Cable Fault Tester Working Principle
The working principle of a power cable fault tester: A power cable fault tester consists of three main parts: the main unit, the cable fault locator, and the cable path analyzer. The main unit measures the nature of the cable fault, its total length, and the approximate location of the fault point from the test end. The cable fault locator determines the precise location of the fault point based on the approximate location determined by the main unit. For buried cables with unknown routes, the path analyzer is used to determine the underground route of the cable. The basic method for testing power cable faults is to apply a high-voltage pulse to the faulty power cable, causing a breakdown at the fault point. The discharge at the breakdown point generates electromagnetic waves and emits sound simultaneously.
The working principle of the arc reflection method (secondary pulse method) in cable fault location is as follows: First, a high-voltage pulse of a certain voltage level and energy is applied to the faulty cable at the test end, causing the high-resistance fault point to break down and arc. Simultaneously, a low-voltage pulse for measurement is added at the test end. When the measuring pulse reaches the high-resistance fault point, it encounters the arc and is reflected on the surface of the arc. Because the high-resistance fault becomes an instantaneous short-circuit fault during arcing, the low-voltage measuring pulse undergoes a significant impedance characteristic change, making the flashover measurement waveform a low-voltage pulse short-circuit waveform. This makes waveform identification particularly simple and clear. This is what we call the "secondary pulse method." The low-voltage pulse reflection waveform received by the cable fault tester is equivalent to the waveform of a conductor completely short-circuited to ground. By superimposing the low-voltage pulse waveforms obtained when the high-voltage pulse is released with those obtained when it is not, the two waveforms will have a divergence point, which is the reflected waveform point of the fault point.

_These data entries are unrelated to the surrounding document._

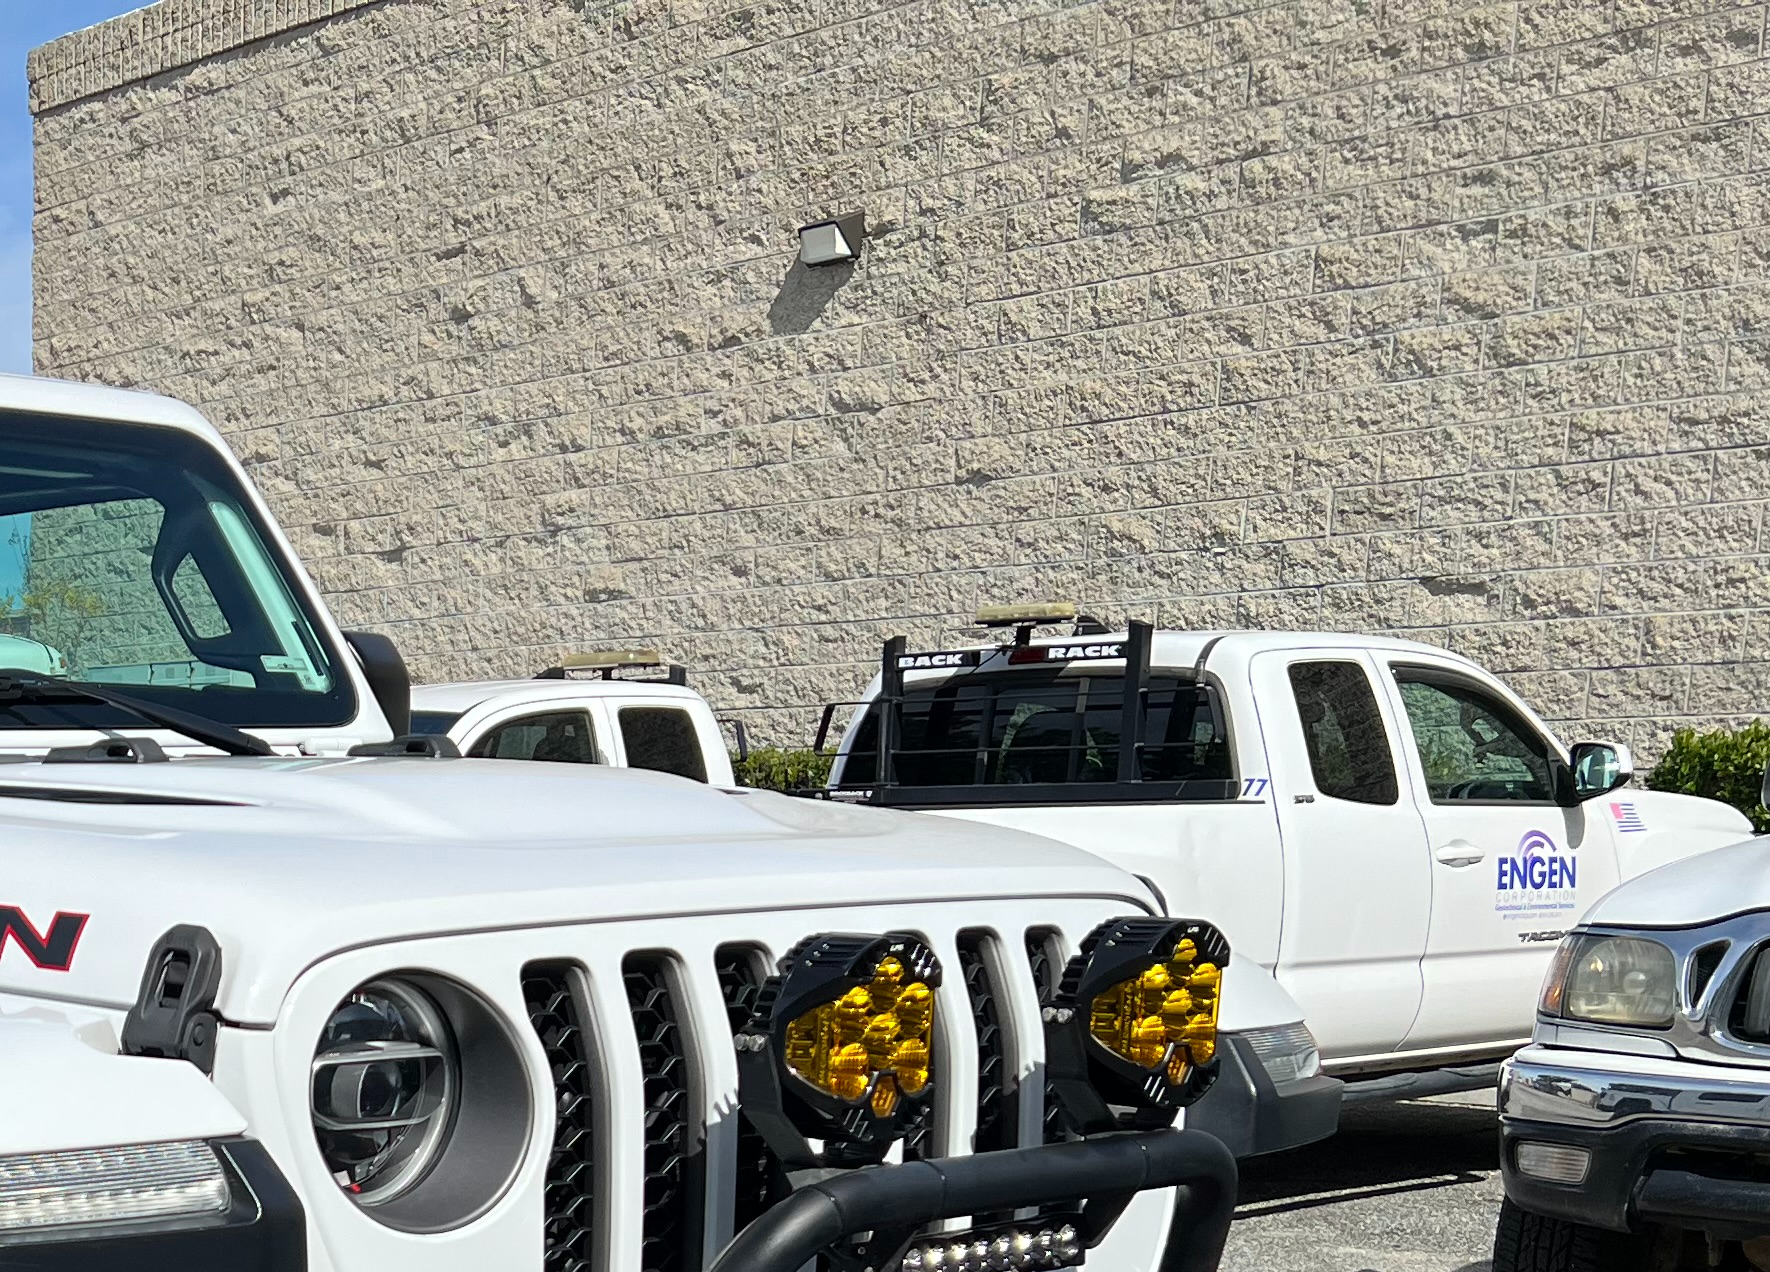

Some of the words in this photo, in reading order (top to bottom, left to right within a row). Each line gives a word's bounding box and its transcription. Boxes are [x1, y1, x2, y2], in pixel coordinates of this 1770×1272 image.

[898, 653, 963, 668] BACK
[1048, 644, 1120, 660] RACK
[1242, 778, 1269, 797] 77
[1496, 855, 1577, 891] ENGEN
[1494, 890, 1576, 904] CORPORATION

This method combines the low-voltage pulse method and high-voltage flashover technology, making it easier for testers to determine the location of the fault. Compared with traditional testing methods, the advantage of the secondary pulse method is that it simplifies the complex waveform in the high-voltage flashover method into the simplest low-voltage pulse short-circuit fault waveform, making the interpretation extremely simple and accurately determining the fault distance.

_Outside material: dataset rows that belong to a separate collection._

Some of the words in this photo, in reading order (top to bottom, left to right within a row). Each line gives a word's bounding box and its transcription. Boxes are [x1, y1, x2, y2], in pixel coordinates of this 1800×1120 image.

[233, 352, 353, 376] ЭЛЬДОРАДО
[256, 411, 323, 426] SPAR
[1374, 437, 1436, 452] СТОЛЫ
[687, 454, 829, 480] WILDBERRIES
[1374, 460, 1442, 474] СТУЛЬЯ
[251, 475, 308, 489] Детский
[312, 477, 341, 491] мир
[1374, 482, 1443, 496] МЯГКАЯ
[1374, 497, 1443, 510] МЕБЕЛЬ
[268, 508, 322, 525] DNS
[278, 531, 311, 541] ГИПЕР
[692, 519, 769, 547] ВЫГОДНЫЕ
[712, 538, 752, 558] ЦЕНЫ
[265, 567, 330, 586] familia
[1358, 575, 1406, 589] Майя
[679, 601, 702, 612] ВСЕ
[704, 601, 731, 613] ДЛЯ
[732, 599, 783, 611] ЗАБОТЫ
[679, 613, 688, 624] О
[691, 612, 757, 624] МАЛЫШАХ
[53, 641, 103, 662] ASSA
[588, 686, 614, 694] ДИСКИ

The three-pulse method in cable fault testers employs a dual-impact approach to extend and stabilize the arc, enabling easy location of high-resistance and flashover faults. The three-pulse method is technologically advanced, simple to operate, produces clear waveforms, and provides rapid and accurate location, making it the mainstream method for locating high-resistance and flashover faults. An upgrade from the two-pulse method, the three-pulse method first measures the reflected waveform of a low-voltage pulse without breaking down the fault point in the cable under test. Then, a high-voltage pulse breaks down the fault point to generate an arc. When the arc voltage drops to a certain value, a medium-voltage pulse is triggered to stabilize and extend the arc time. Afterward, a low-voltage pulse is emitted, and the cable fault tester obtains the reflected waveform of the fault point. Superimposing these two waveforms reveals the divergence point, which corresponds to the fault location. Because a medium-voltage pulse is used to stabilize and extend the arc time, it is easier to obtain the fault waveform than the two-pulse method. Compared to the two-pulse method, the three-pulse method is simpler to operate as it does not require selecting the synchronization duration of the arc.